- _What is needed_
Output all the records word for word. Drop the pictures.
---------- Data section
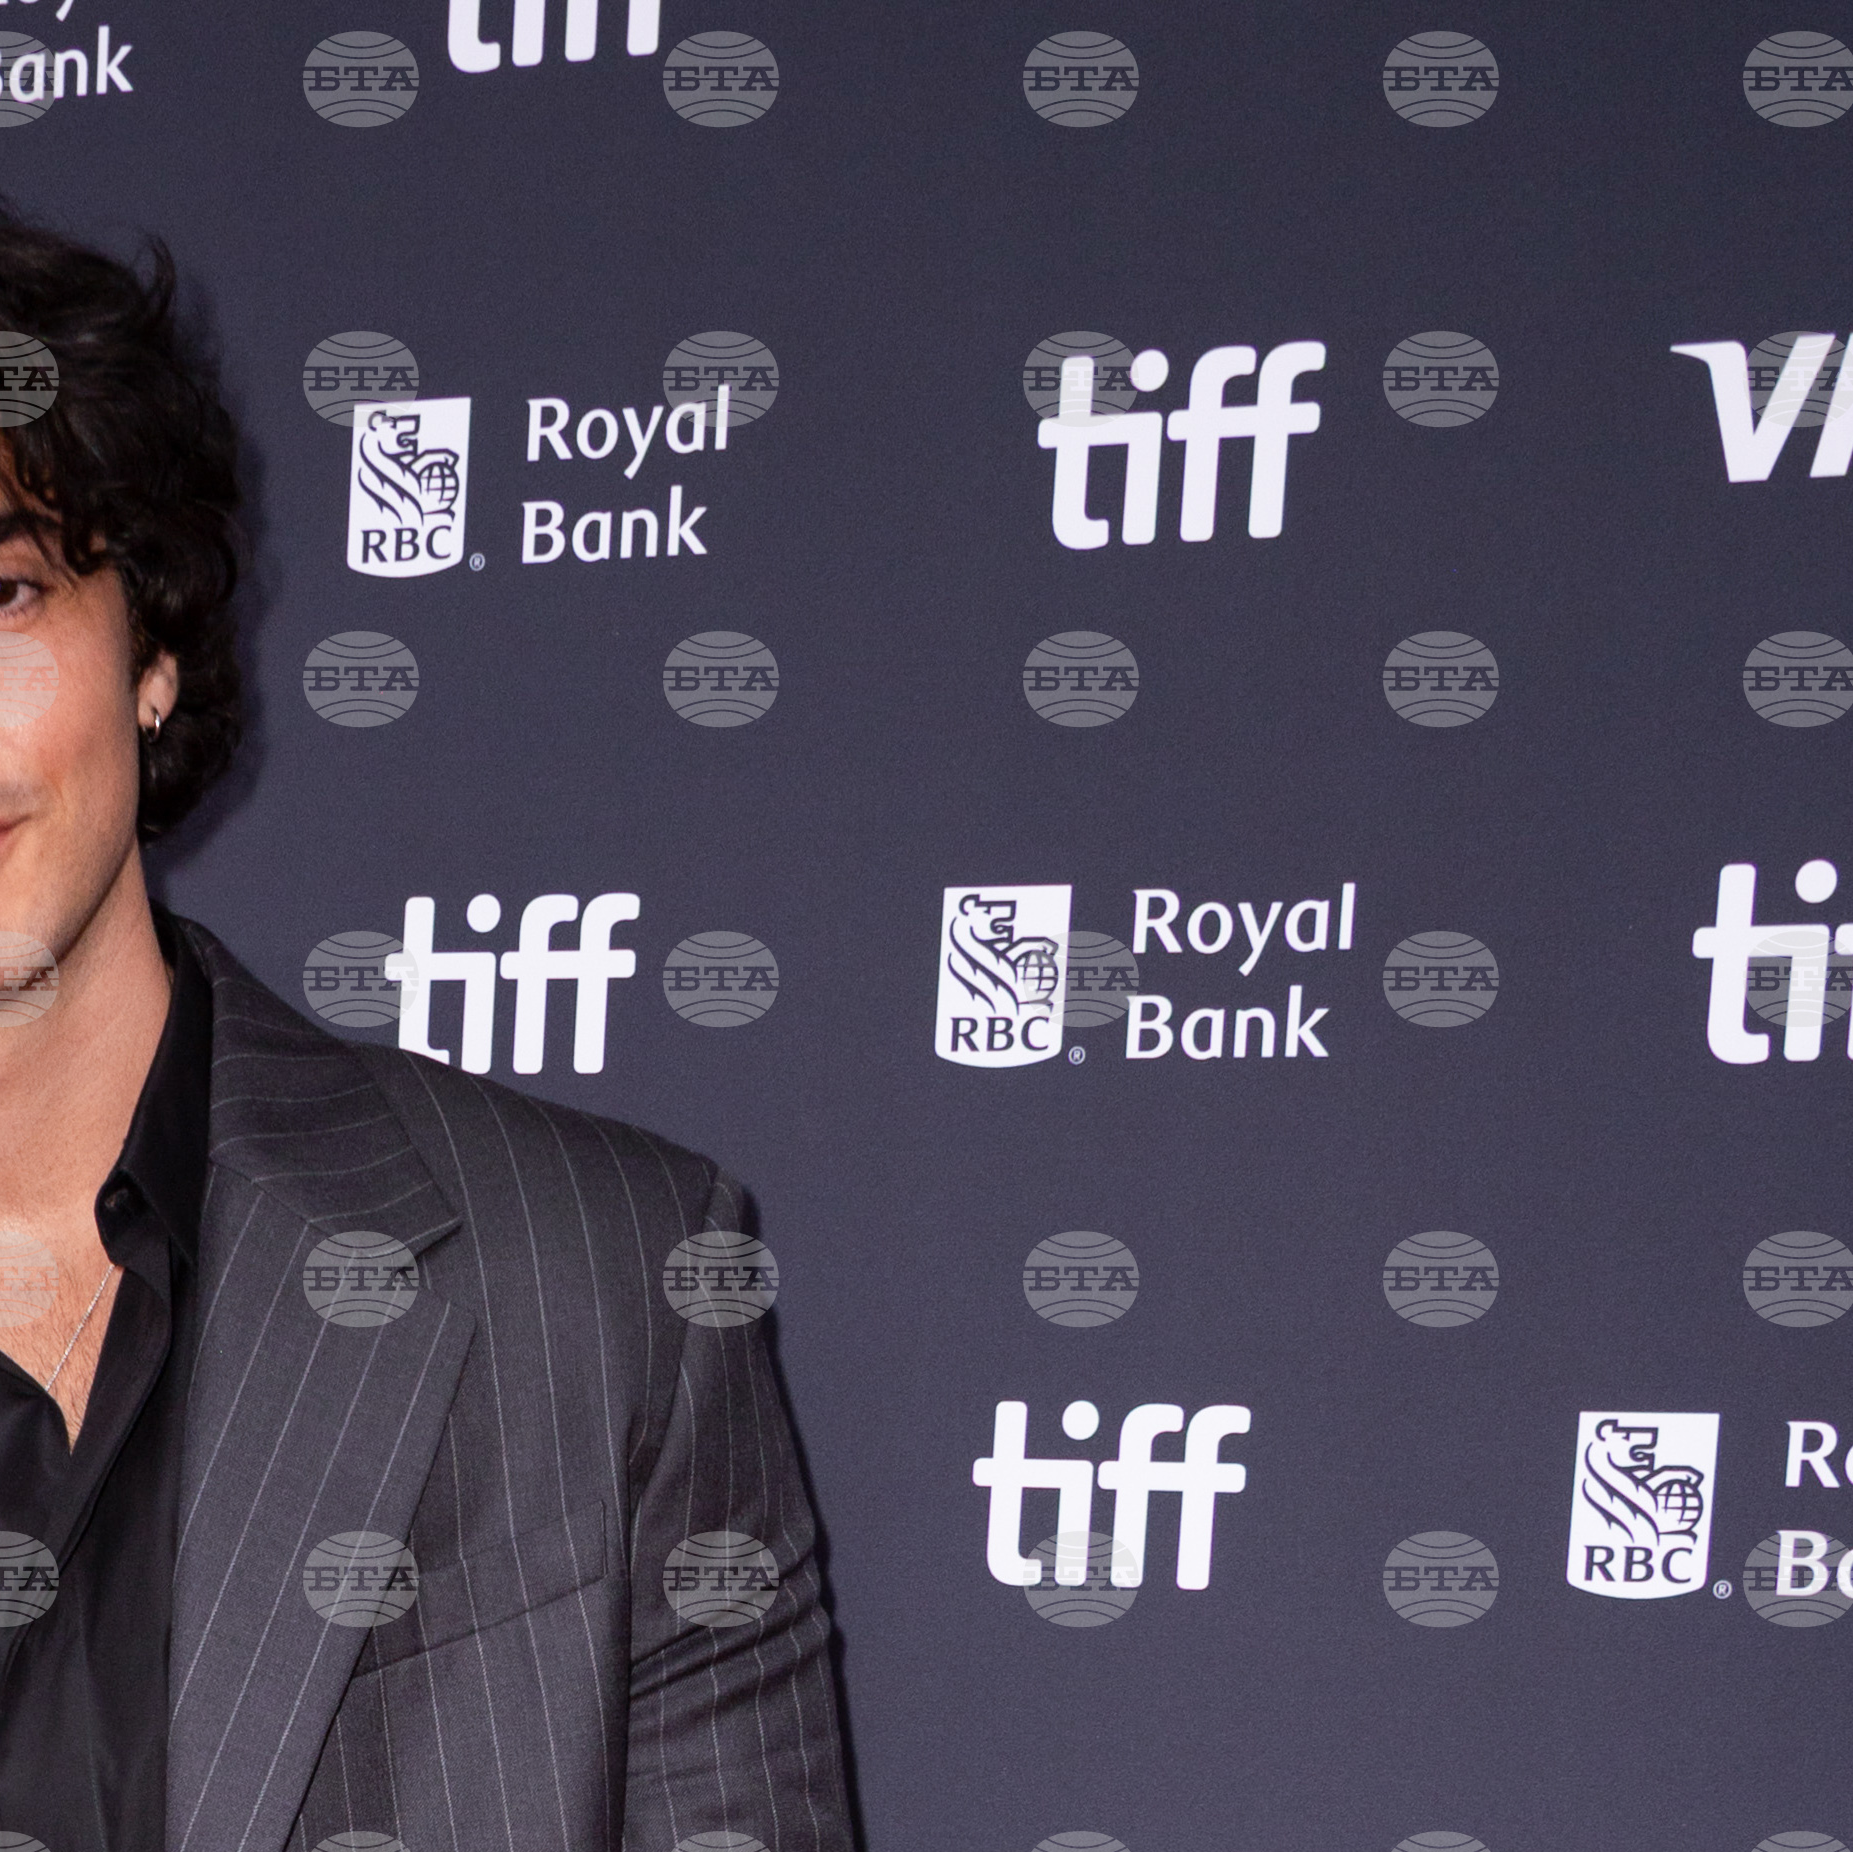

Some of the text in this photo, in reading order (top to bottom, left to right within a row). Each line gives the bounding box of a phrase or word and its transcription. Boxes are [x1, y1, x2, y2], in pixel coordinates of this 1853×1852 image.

[528, 384, 729, 478] Royal
[1038, 342, 1325, 549] tiff
[362, 526, 451, 563] RBC
[523, 486, 706, 563] Bank
[1133, 883, 1355, 976] Royal
[1693, 861, 1853, 1064] ti
[384, 893, 640, 1074] tiff
[1126, 985, 1328, 1059] Bank
[951, 1016, 1049, 1051] RBC
[973, 1401, 1251, 1589] tiff
[1585, 1546, 1692, 1583] RBC
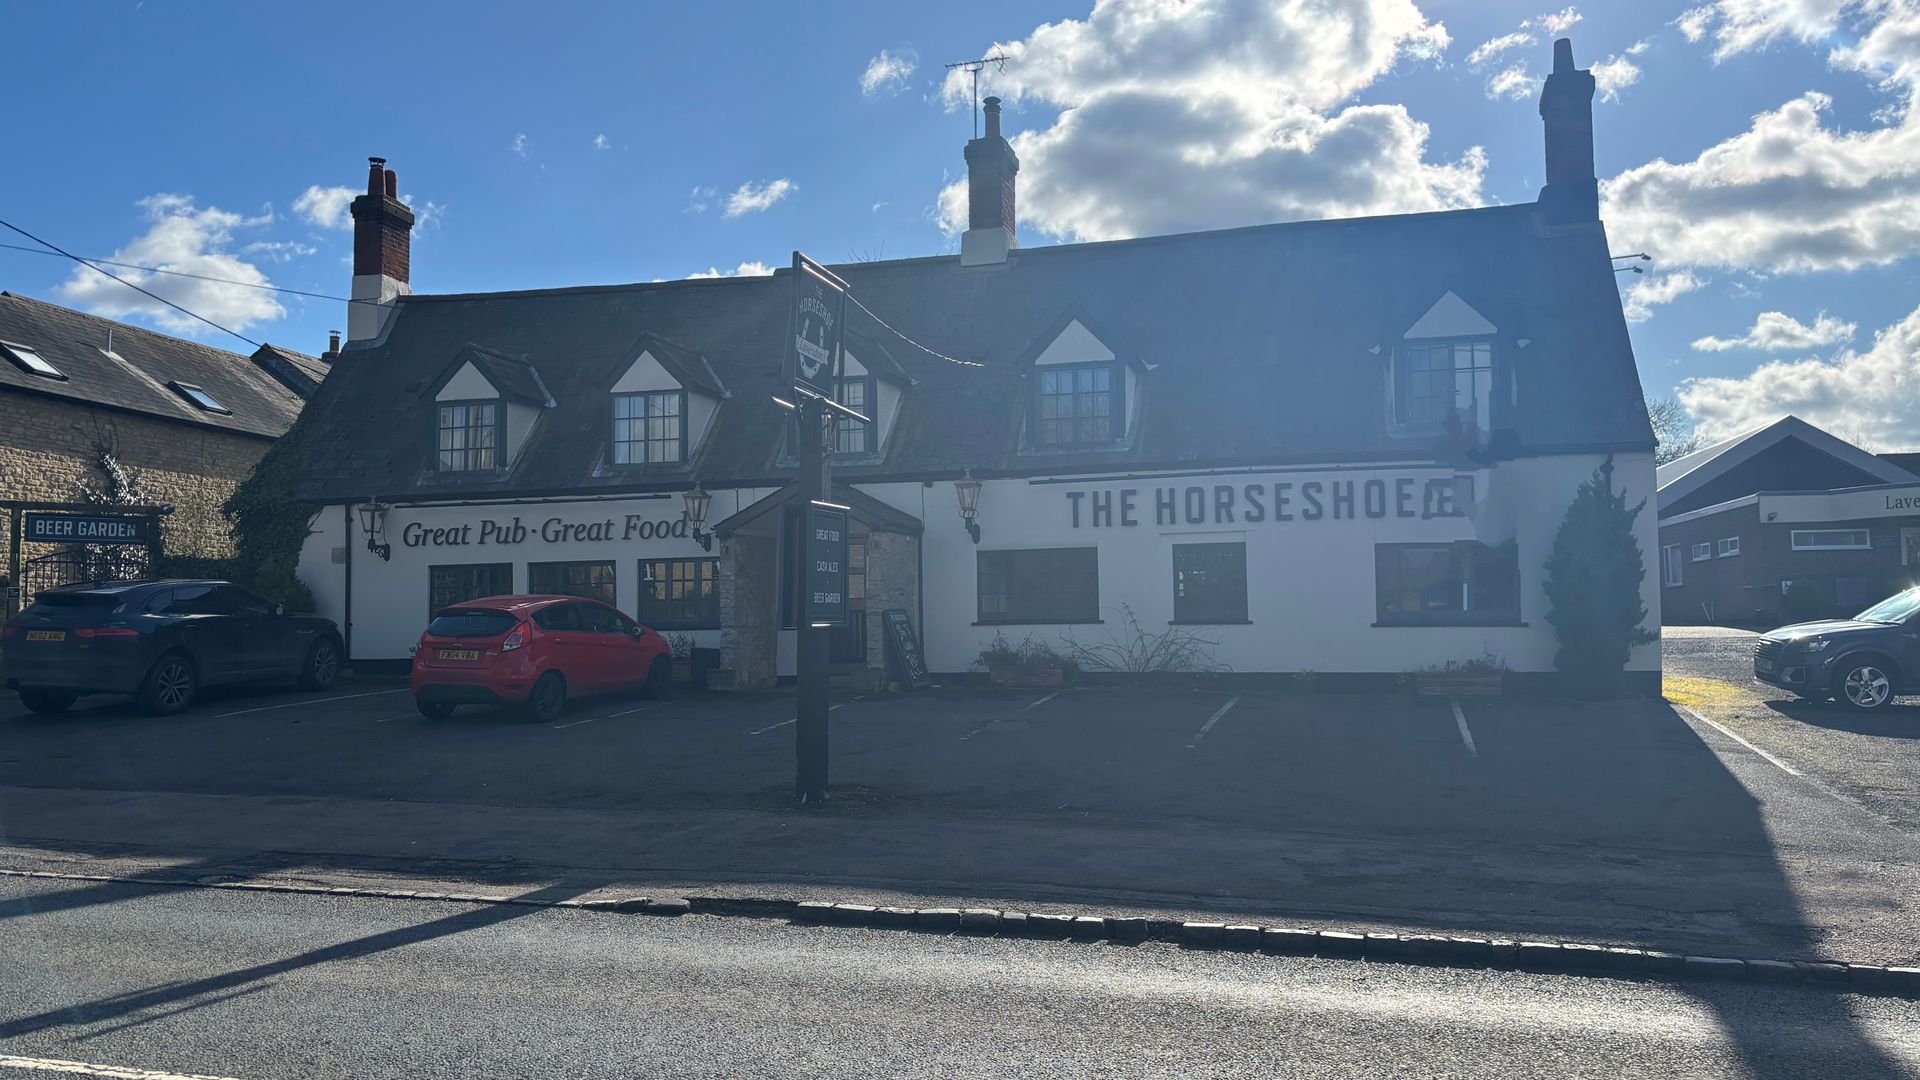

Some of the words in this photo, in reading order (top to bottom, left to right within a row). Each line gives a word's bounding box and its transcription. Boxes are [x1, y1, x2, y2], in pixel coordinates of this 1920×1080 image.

[815, 285, 824, 299] THE
[800, 297, 834, 331] HORSESHOE
[1066, 488, 1138, 528] THE
[1885, 495, 1920, 510] Lave
[35, 519, 73, 536] BEER
[78, 522, 136, 537] GARDEN
[402, 521, 471, 547] Great
[477, 516, 526, 546] Pub
[541, 517, 615, 543] Great
[622, 510, 689, 541] Food
[816, 529, 829, 541] GREAT
[829, 530, 840, 542] FOOD
[816, 561, 828, 572] CASK
[828, 562, 839, 573] ALES
[814, 592, 825, 604] BEER
[825, 592, 841, 604] GARDEN
--------------------
- _Answer to the problem_
Some of the text in this photo, in reading order (top to bottom, left to right within a row). Each line gives the bounding box of a phrase or word and its transcription. Boxes are [x1, y1, x2, y2], in pixel coordinates of this 1853×1852 image.

[528, 384, 729, 478] Royal
[1038, 342, 1325, 549] tiff
[362, 526, 451, 563] RBC
[523, 486, 706, 563] Bank
[1133, 883, 1355, 976] Royal
[1693, 861, 1853, 1064] ti
[384, 893, 640, 1074] tiff
[1126, 985, 1328, 1059] Bank
[951, 1016, 1049, 1051] RBC
[973, 1401, 1251, 1589] tiff
[1585, 1546, 1692, 1583] RBC

Some of the words in this photo, in reading order (top to bottom, left to right within a row). Each line gives a word's bounding box and its transcription. Boxes are [x1, y1, x2, y2], in pixel coordinates of this 1920×1080 image.

[815, 285, 824, 299] THE
[800, 297, 834, 331] HORSESHOE
[1066, 488, 1138, 528] THE
[1885, 495, 1920, 510] Lave
[35, 519, 73, 536] BEER
[78, 522, 136, 537] GARDEN
[402, 521, 471, 547] Great
[477, 516, 526, 546] Pub
[541, 517, 615, 543] Great
[622, 510, 689, 541] Food
[816, 529, 829, 541] GREAT
[829, 530, 840, 542] FOOD
[816, 561, 828, 572] CASK
[828, 562, 839, 573] ALES
[814, 592, 825, 604] BEER
[825, 592, 841, 604] GARDEN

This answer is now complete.